1 des. 2007

Francisco González Ledesma - Una novela de barrio (RBA)

Juan E. Tur

Su nombre está ahora en boca de todos, pero hace poco más de una década encontrar una de sus obras era misión imposible. Al menos un lustro me pasé, a mediados de los noventa, buscando infructuosamente una nueva novela en la que pudiera seguir degustando el pulso narrativo y los conocimientos de la España en transición que me habían fascinado en Crónica sentimental en rojo, la obra con que Francisco González Ledesma se alzó como vencedor del Premio Planeta en 1984 y que de un modo rocambolesco había llegado a mis manos tanto tiempo después. Pero era imposible. Su bibliografía estaba por entonces descatalogada y mencionar su nombre en las librerías, incluso en las de viejo, era enfrentarse a rostros de desconcierto.
Sin embargo, tras un parón de casi una década sin que se editara material suyo, en 2002 Ledesma regresa con una nueva novela, El pecado o algo parecido, y recibe el empujón de sus colegas en la Semana Negra de Gijón, donde es elegida como la mejor del año. A partir de ahí el autor continuaría escribiendo con regularidad, se empezarían a reeditar sus obras, y llegarían los primeros reconocimientos -en paralelo a su redescubrimiento- a su figura como lo que es: uno de los principales baluartes de la novela negra -o como él prefiere, novela social- española.
Y es en esa tesitura como se publicó recientemente su nueva entrega, Una novela de barrio, que sale al mercado con la vitola de ser la ganadora del Primer Premio Internacional de Novela Negra de la editorial RBA. No obstante, pese a lo que este galardón pueda sugerir, Una novela de barrio no es una obra sorprendente en su esencia, sino la nueva entrega de Ledesma protagonizada por su personaje más célebre: el inspector Méndez.
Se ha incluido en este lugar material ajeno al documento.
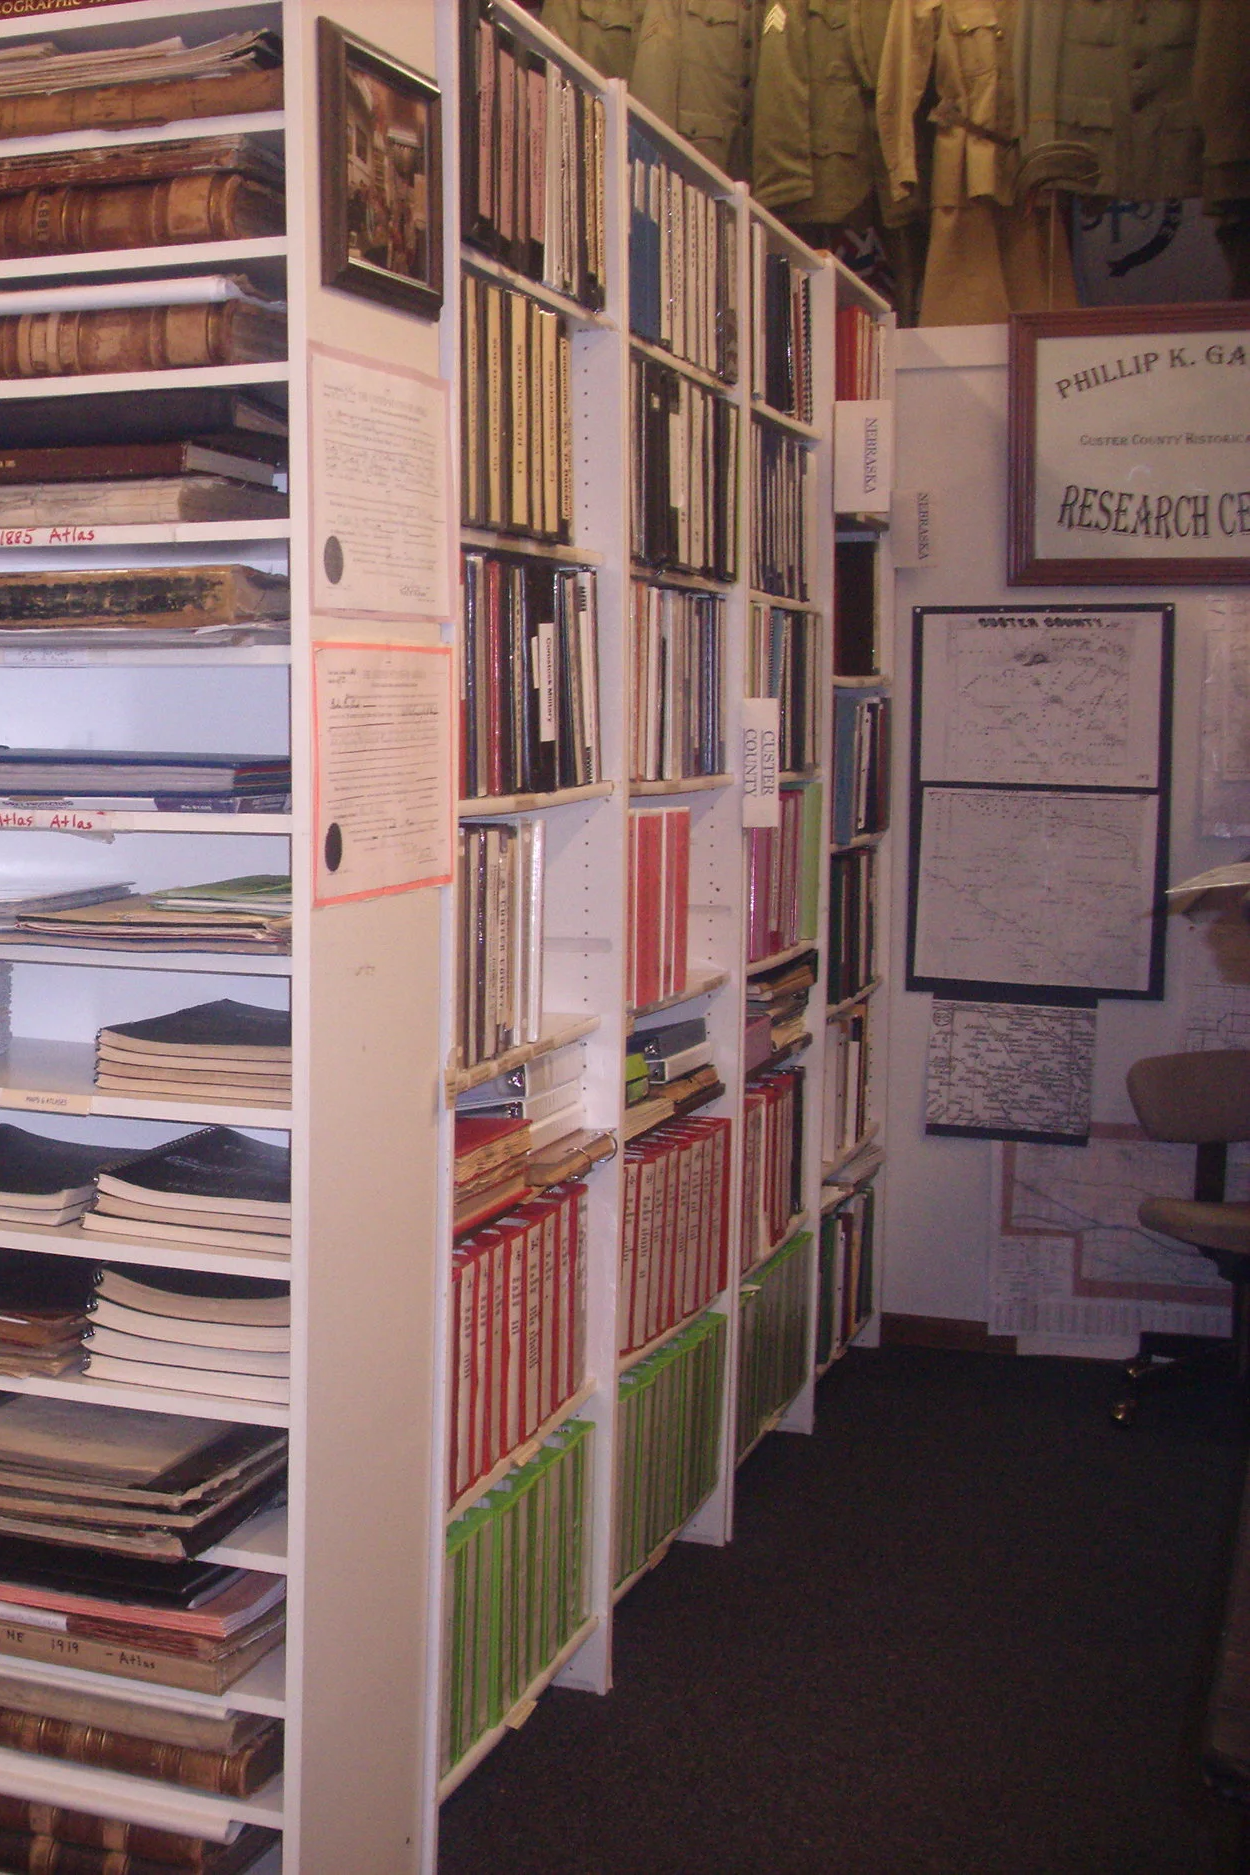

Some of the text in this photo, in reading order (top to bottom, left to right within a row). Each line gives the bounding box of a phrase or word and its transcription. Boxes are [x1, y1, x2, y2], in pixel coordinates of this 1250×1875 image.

[1055, 352, 1159, 399] PHILLIP
[1169, 347, 1196, 369] K.
[864, 417, 879, 495] NEBRASKA
[1080, 434, 1128, 446] CUSTER
[1132, 433, 1184, 446] COUNTY
[0, 526, 95, 546] 1885 Atlas
[918, 492, 931, 561] NEBRASKA
[1057, 484, 1210, 539] RESEARCH
[745, 728, 758, 798] COUNTY
[762, 730, 775, 797] CUSTER
[50, 814, 93, 831] Atlas
[6, 1629, 25, 1643] NE
[51, 1638, 79, 1655] 1919
[119, 1651, 156, 1669] Atlas
Un personaje que irrumpió por primera vez como secundario en Expediente Barcelona, llevó el peso de la investigación de Crónica sentimental en rojo, y protagonizó, con su mirada desencantada, la crónica de una Barcelona que desaparecía en Las calles de nuestros padres.
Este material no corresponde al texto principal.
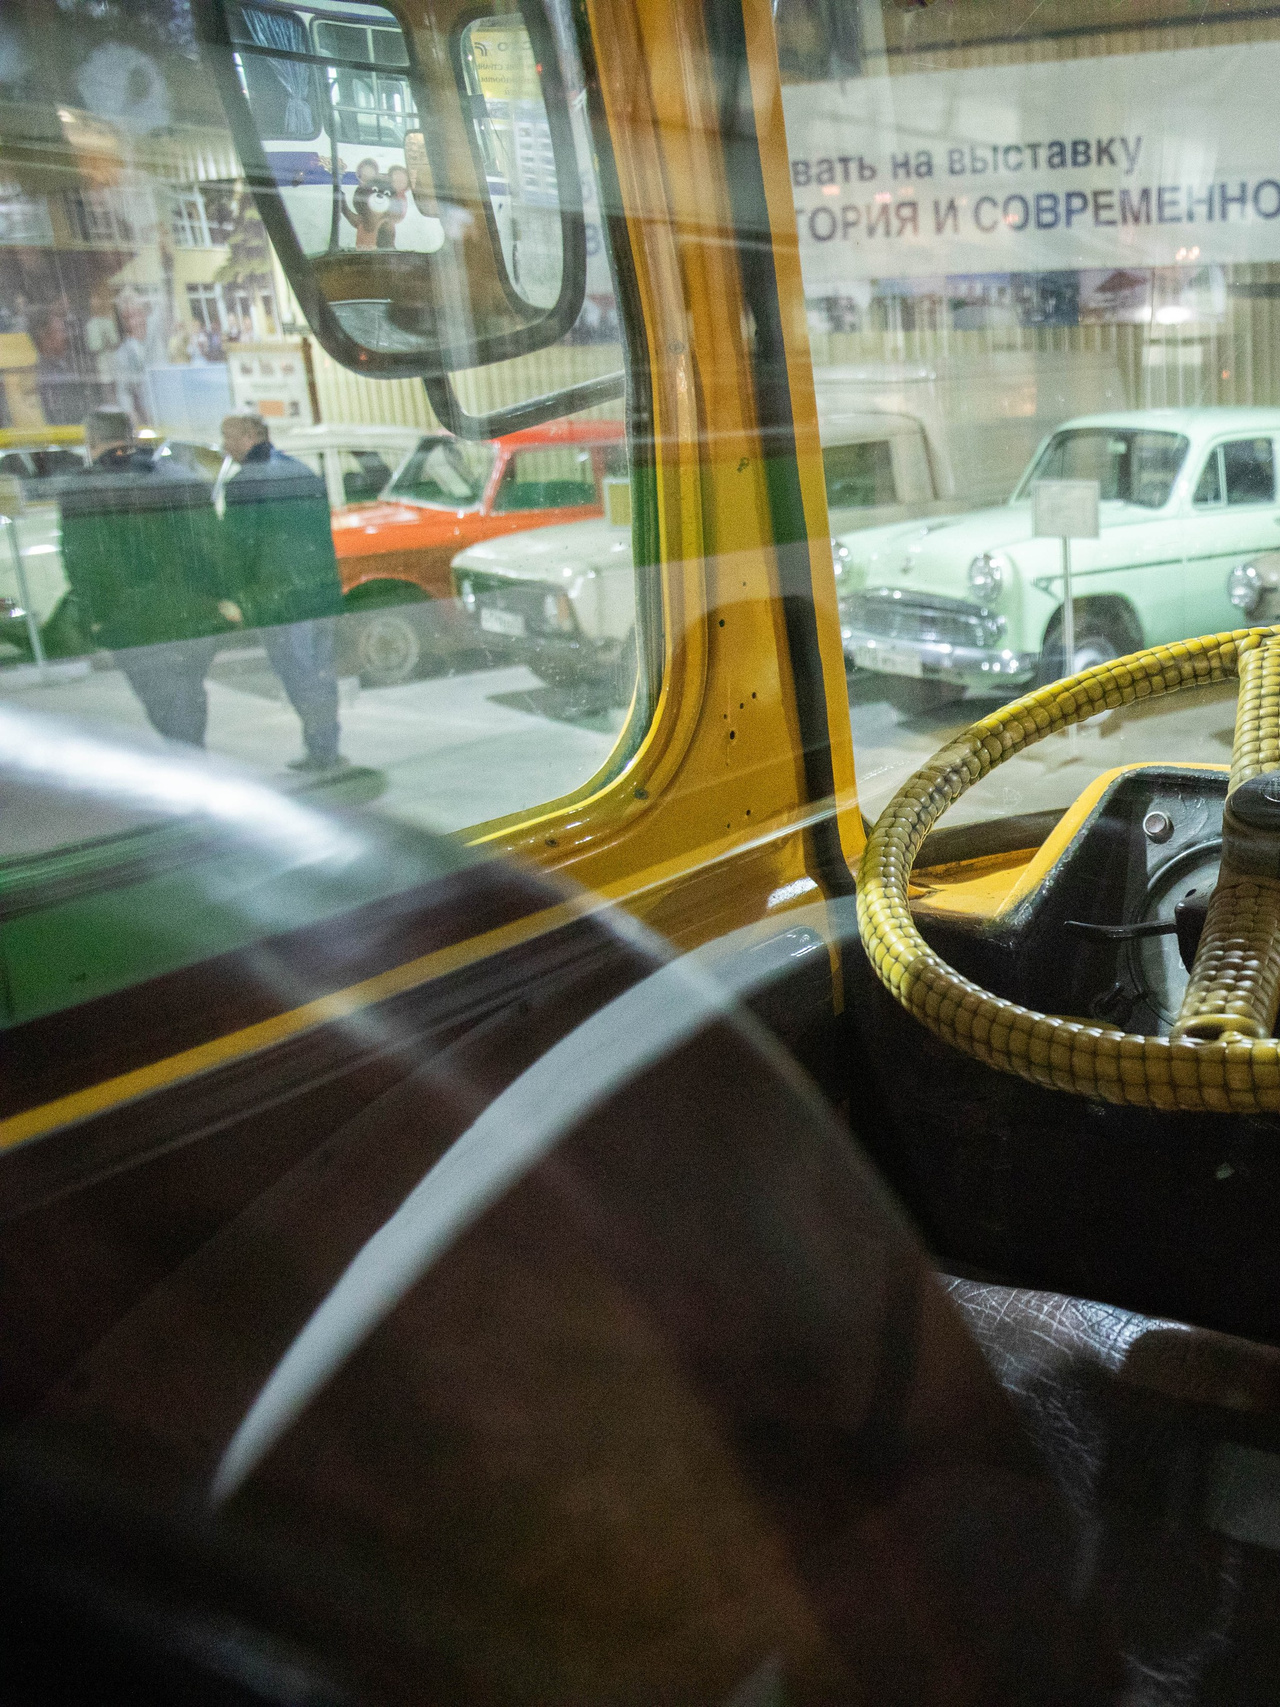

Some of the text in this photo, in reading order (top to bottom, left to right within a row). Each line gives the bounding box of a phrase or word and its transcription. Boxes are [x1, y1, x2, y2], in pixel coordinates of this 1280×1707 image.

[890, 150, 933, 179] на
[948, 135, 1142, 176] выставку
[796, 200, 918, 242] ОРИЯ
[933, 197, 960, 235] И
Como en ellas, Méndez, a pesar de presentarse cercano a su jubilación en sus primera aventuras de principios de los ochenta, continúa pateando las calles de los barrios más deteriorados de Barcelona, las únicas en las que se sabe desenvolver. Y precisamente por eso, cuando aparece el cadáver de un ex presidiario, víctima de un asesinato en una vieja finca a punto de demoler, sus superiores no dudan en encargarle el caso. Tendrá así el álter ego de Ledesma, una nueva oportunidad de pasear por los barrios más deteriorados de una Barcelona que es cada vez menos suya; de conversar y compadecer a los últimos derrotados de la posguerra a los que, en muchos casos, la represión condujo a la delincuencia; y de tratar, en el escaso margen que el sistema le permite, de imponer una justicia que muchas veces no es la misma que dicta la ley.
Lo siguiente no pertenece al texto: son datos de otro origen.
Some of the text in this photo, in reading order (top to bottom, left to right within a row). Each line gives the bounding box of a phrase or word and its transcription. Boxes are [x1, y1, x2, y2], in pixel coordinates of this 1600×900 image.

Proporcionará así la novela escasas sorpresas a los viejos seguidores del escritor y periodista catalán, pues esta su crónica de la realidad de la Barcelona más desfavorecida, ya ha protagonizado otras entregas de la serie, como la más recientes Cinco mujeres y media. Sin embargo, no dejará de tener valor para aquellos que se enfrenten por primera vez a una de sus novelas policíacas, pues les pondrá frente a una obra que es resultado de la necesidad de su autor de contar lo que vivió en primera persona. Un Francisco González Ledesma que nació y vivió en el bando de los perdedores, y aún cuando encontró en su vida el éxito profesional, ya fuera como abogado o como periodista, no dejó de tener un contacto con ellos y con sus miserias. A ellos ha consagrado su obra literaria y lo sigue haciendo. Y por si alguien todavía desconoce su esfuerzo, a pesar de que su obra reeditada cope ahora las estanterías, aún le llueven más premios. Galardones que aunque se entreguen, como en este caso, a una obra en particular, reivindican la figura de un autor que sin duda los merece.